**WORK REQUIRED**
Your reply should hold every record exactly as given, with no pictures in it.
━━━━━ SUPPLIED INFORMATION ━━━━━
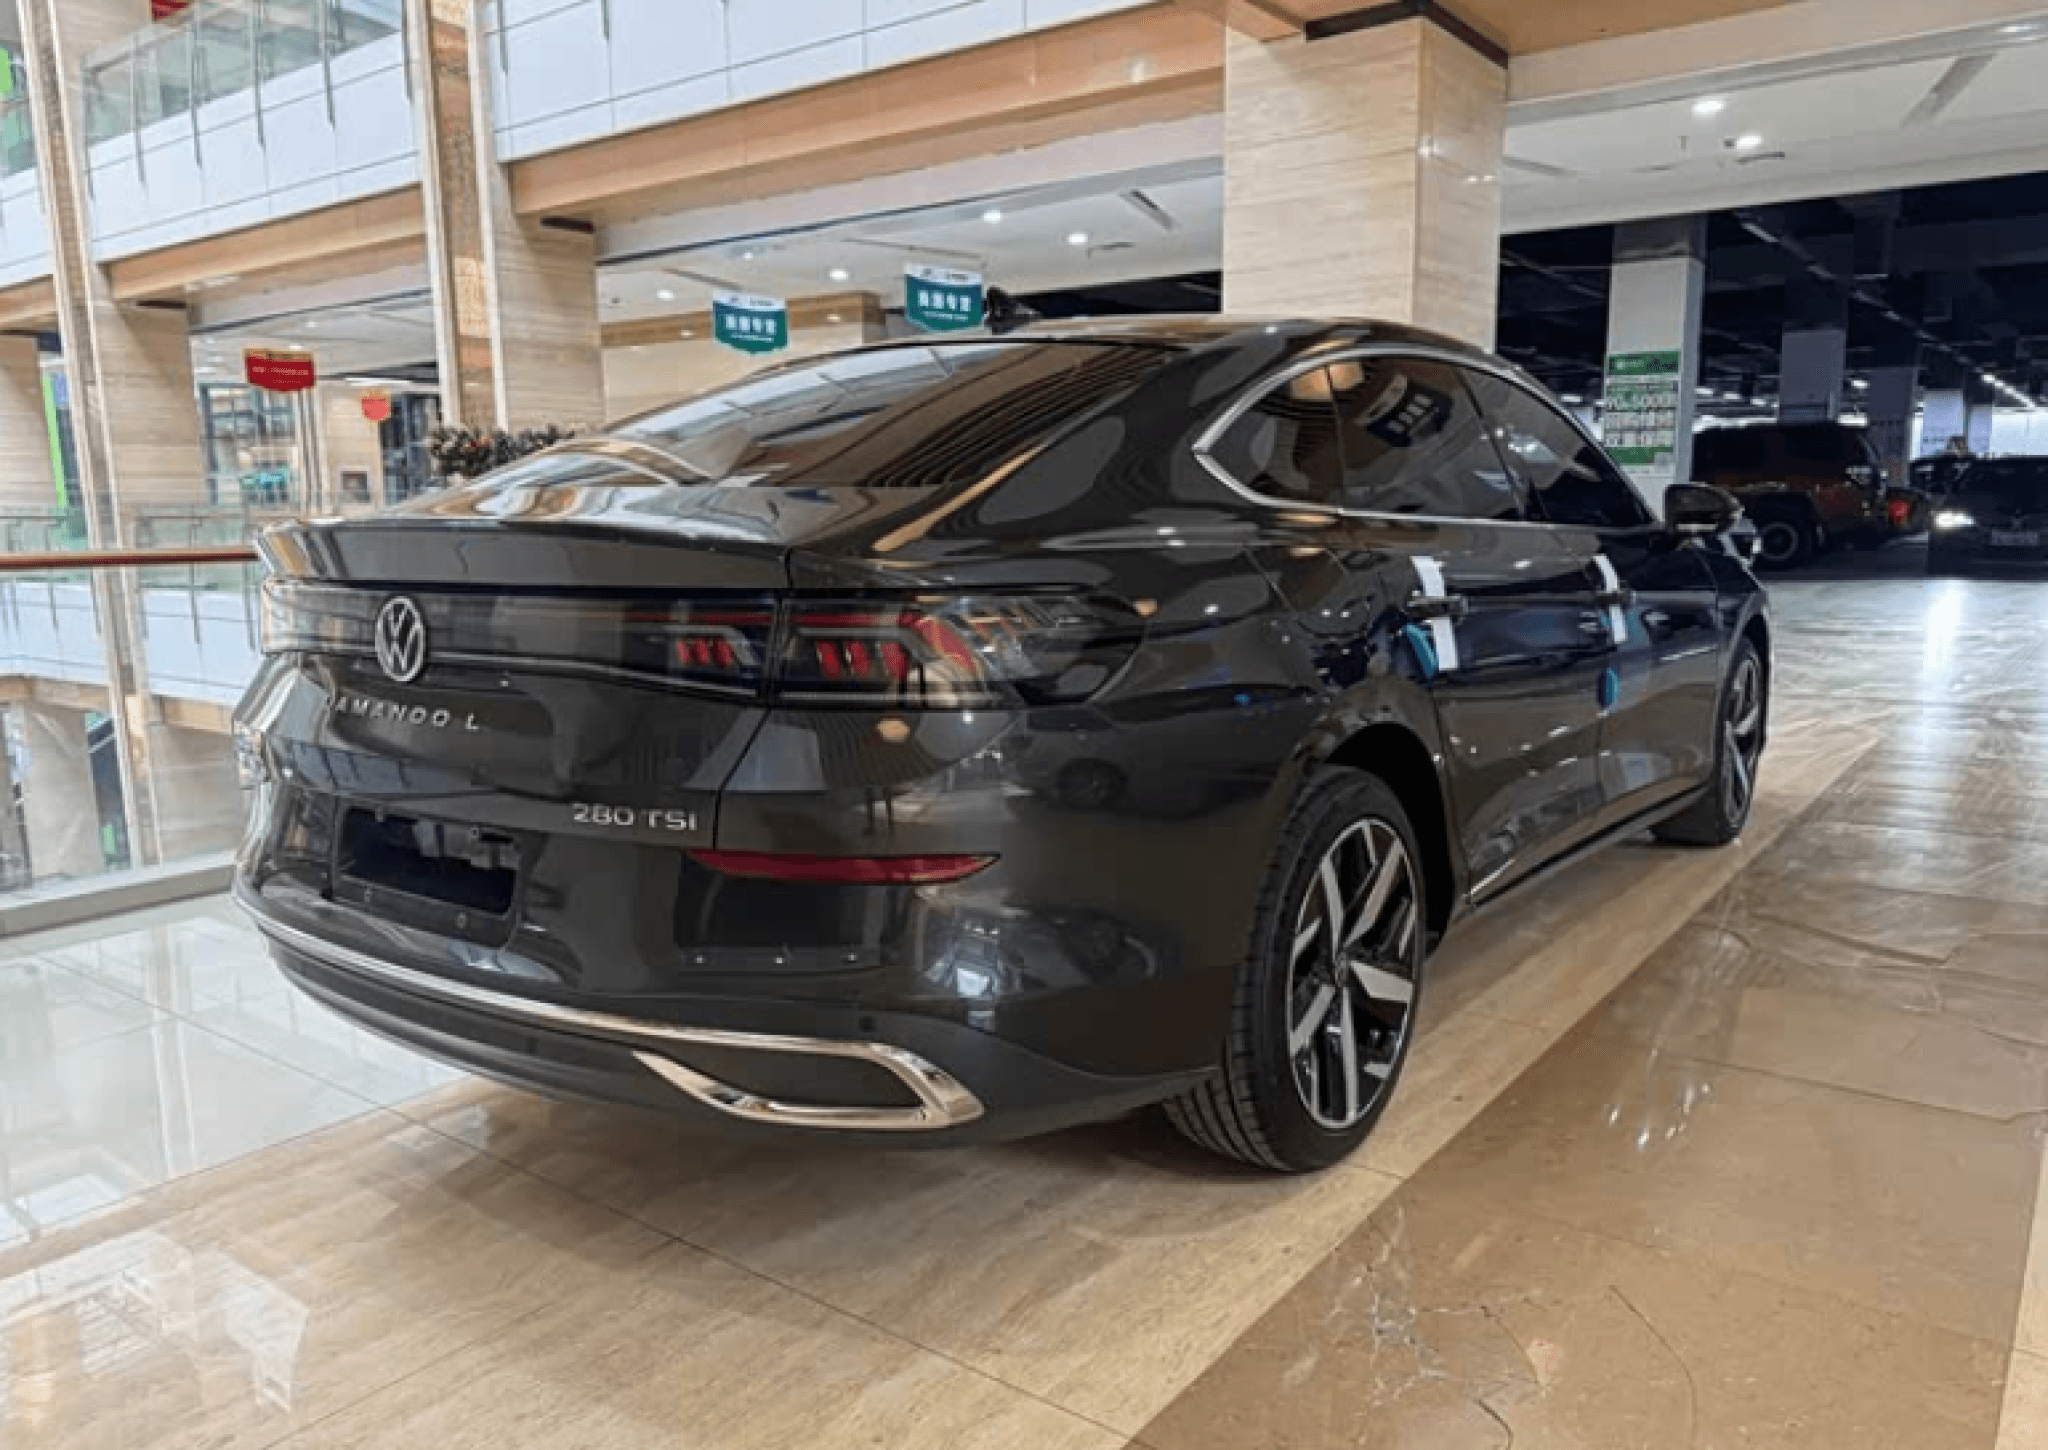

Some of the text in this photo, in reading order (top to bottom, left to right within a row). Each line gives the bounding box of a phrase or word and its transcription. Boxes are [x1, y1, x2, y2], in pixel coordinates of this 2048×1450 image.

[465, 712, 480, 730] L
[573, 803, 698, 831] 280 TSI
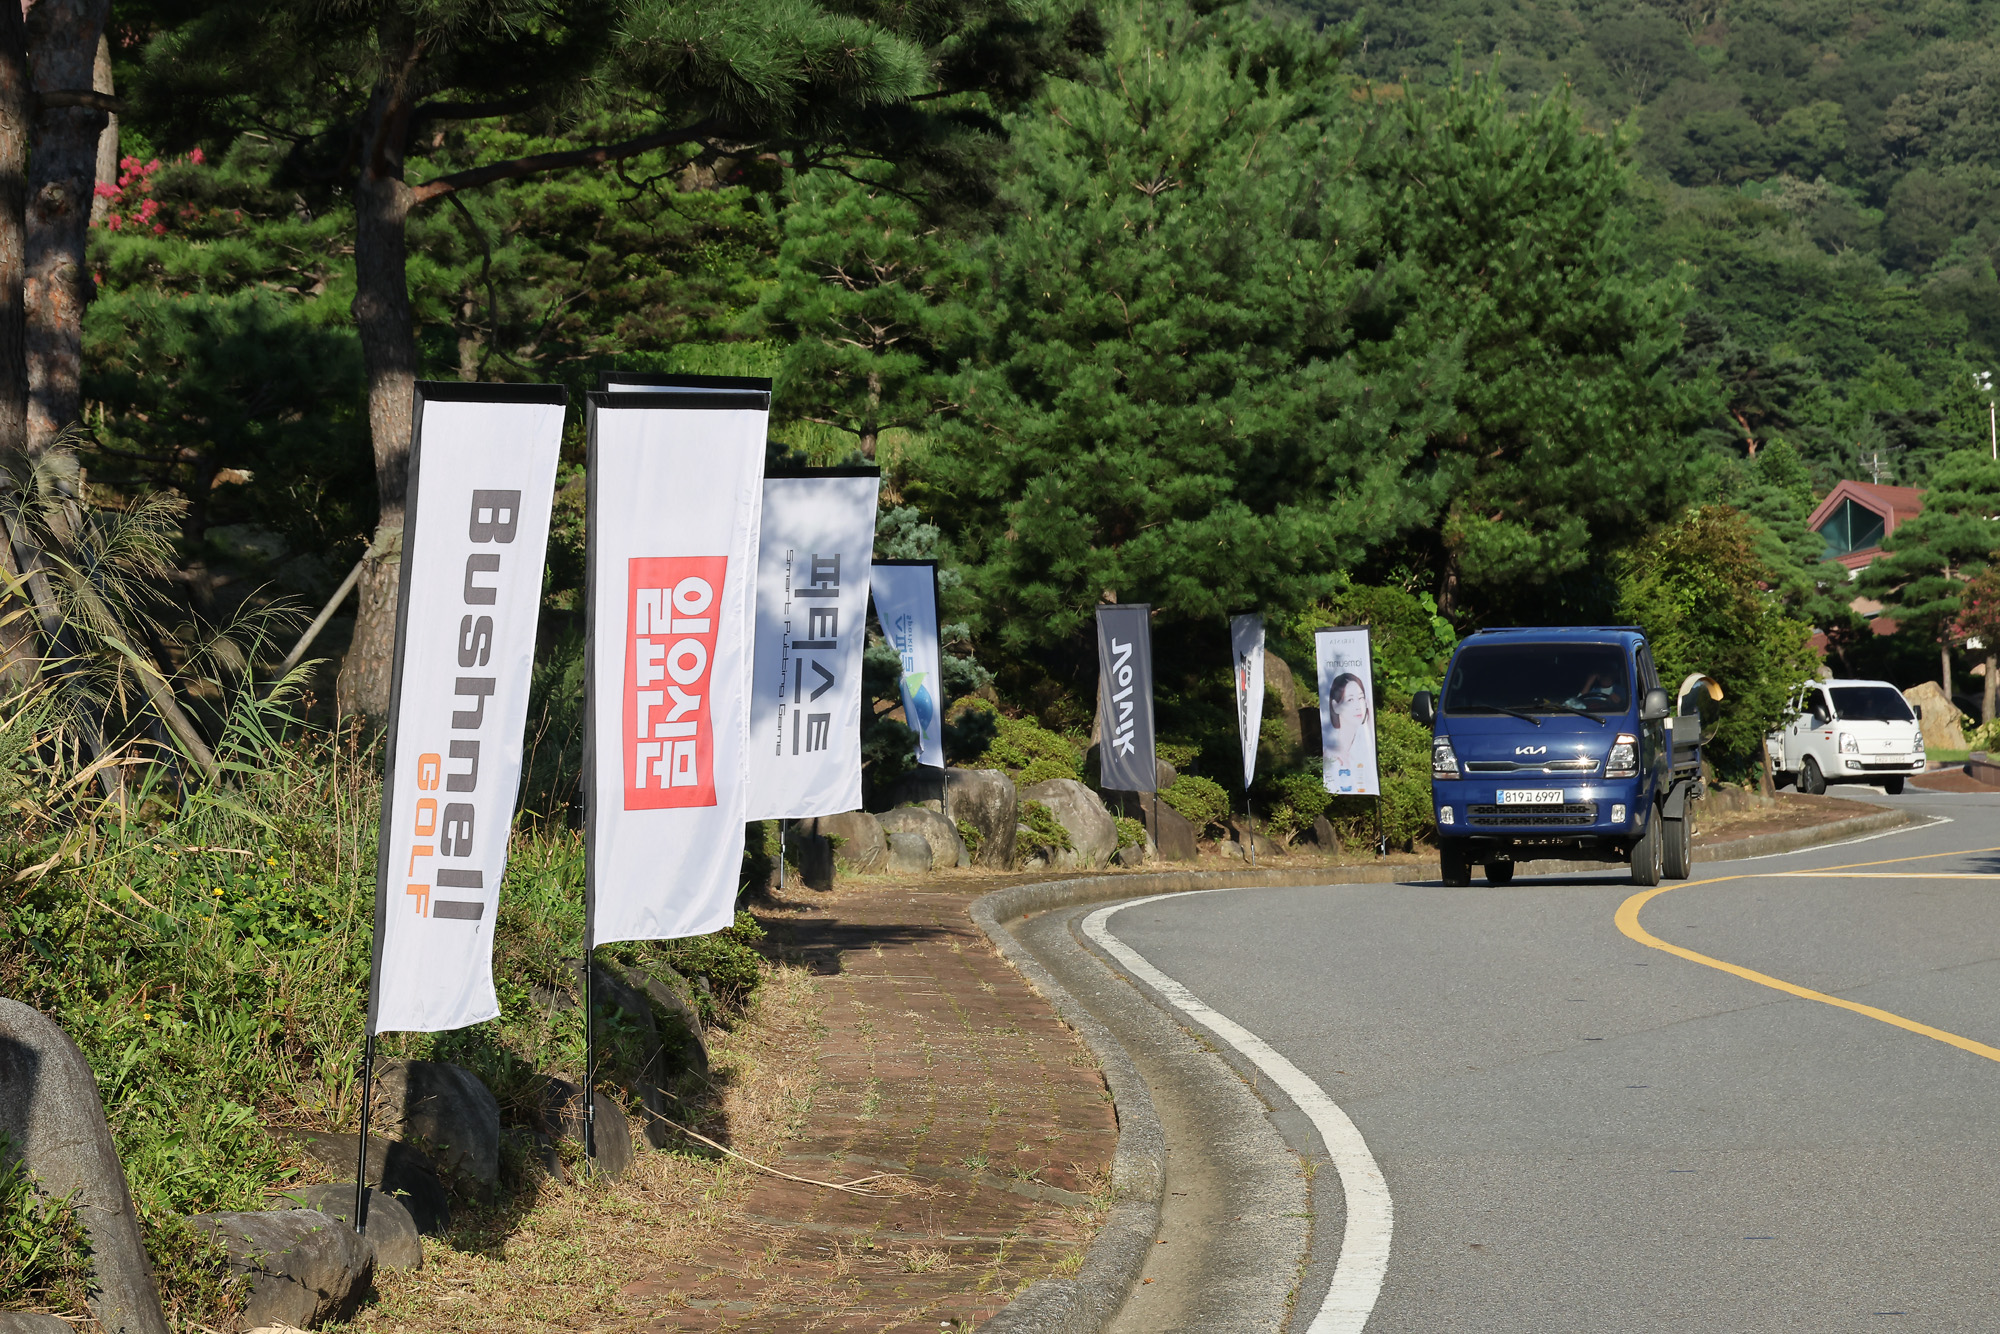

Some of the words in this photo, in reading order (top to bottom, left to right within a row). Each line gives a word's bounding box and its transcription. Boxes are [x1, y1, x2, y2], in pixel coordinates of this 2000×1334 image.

[779, 621, 791, 697] Putting
[786, 549, 794, 615] Smart
[791, 553, 841, 756] 퍼티스트
[432, 489, 521, 921] Bushnell
[635, 576, 714, 789] 일요신문
[775, 703, 786, 757] Game
[405, 753, 441, 918] GOLF
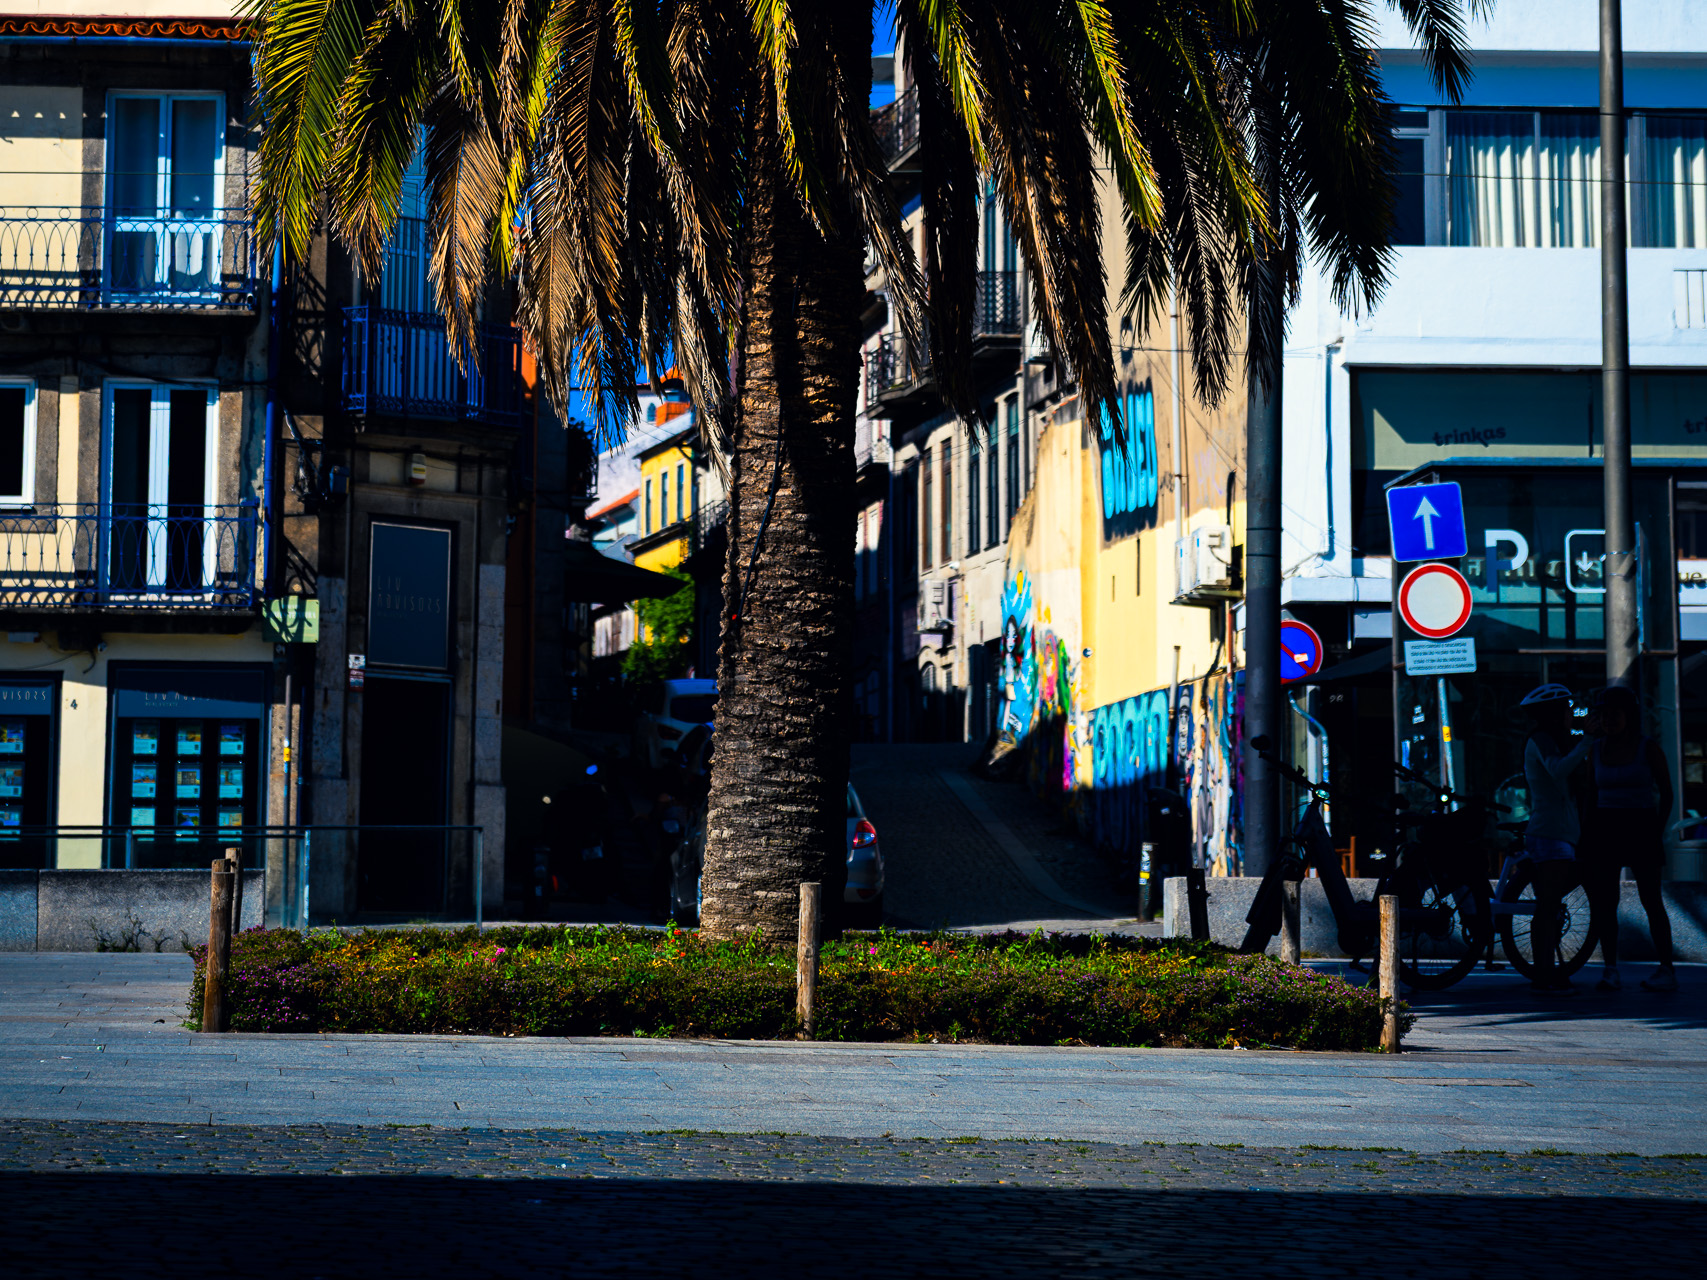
━━━━━
**PROBLEM SOLUTION**
Some of the text in this photo, in reading order (top to bottom, left to right within a row). Each line gives the bounding box of a phrase or word and its transcription. Boxes are [x1, y1, x2, y2], in pixel coordinates of this 2048×1450 image.

[465, 712, 480, 730] L
[573, 803, 698, 831] 280 TSI

Some of the words in this photo, in reading order (top to bottom, left to right within a row). Each line gives a word's bounding box and its transcription. Boxes are [x1, y1, x2, y2], in pixel coordinates of this 2000×1334 image.

[779, 621, 791, 697] Putting
[786, 549, 794, 615] Smart
[791, 553, 841, 756] 퍼티스트
[432, 489, 521, 921] Bushnell
[635, 576, 714, 789] 일요신문
[775, 703, 786, 757] Game
[405, 753, 441, 918] GOLF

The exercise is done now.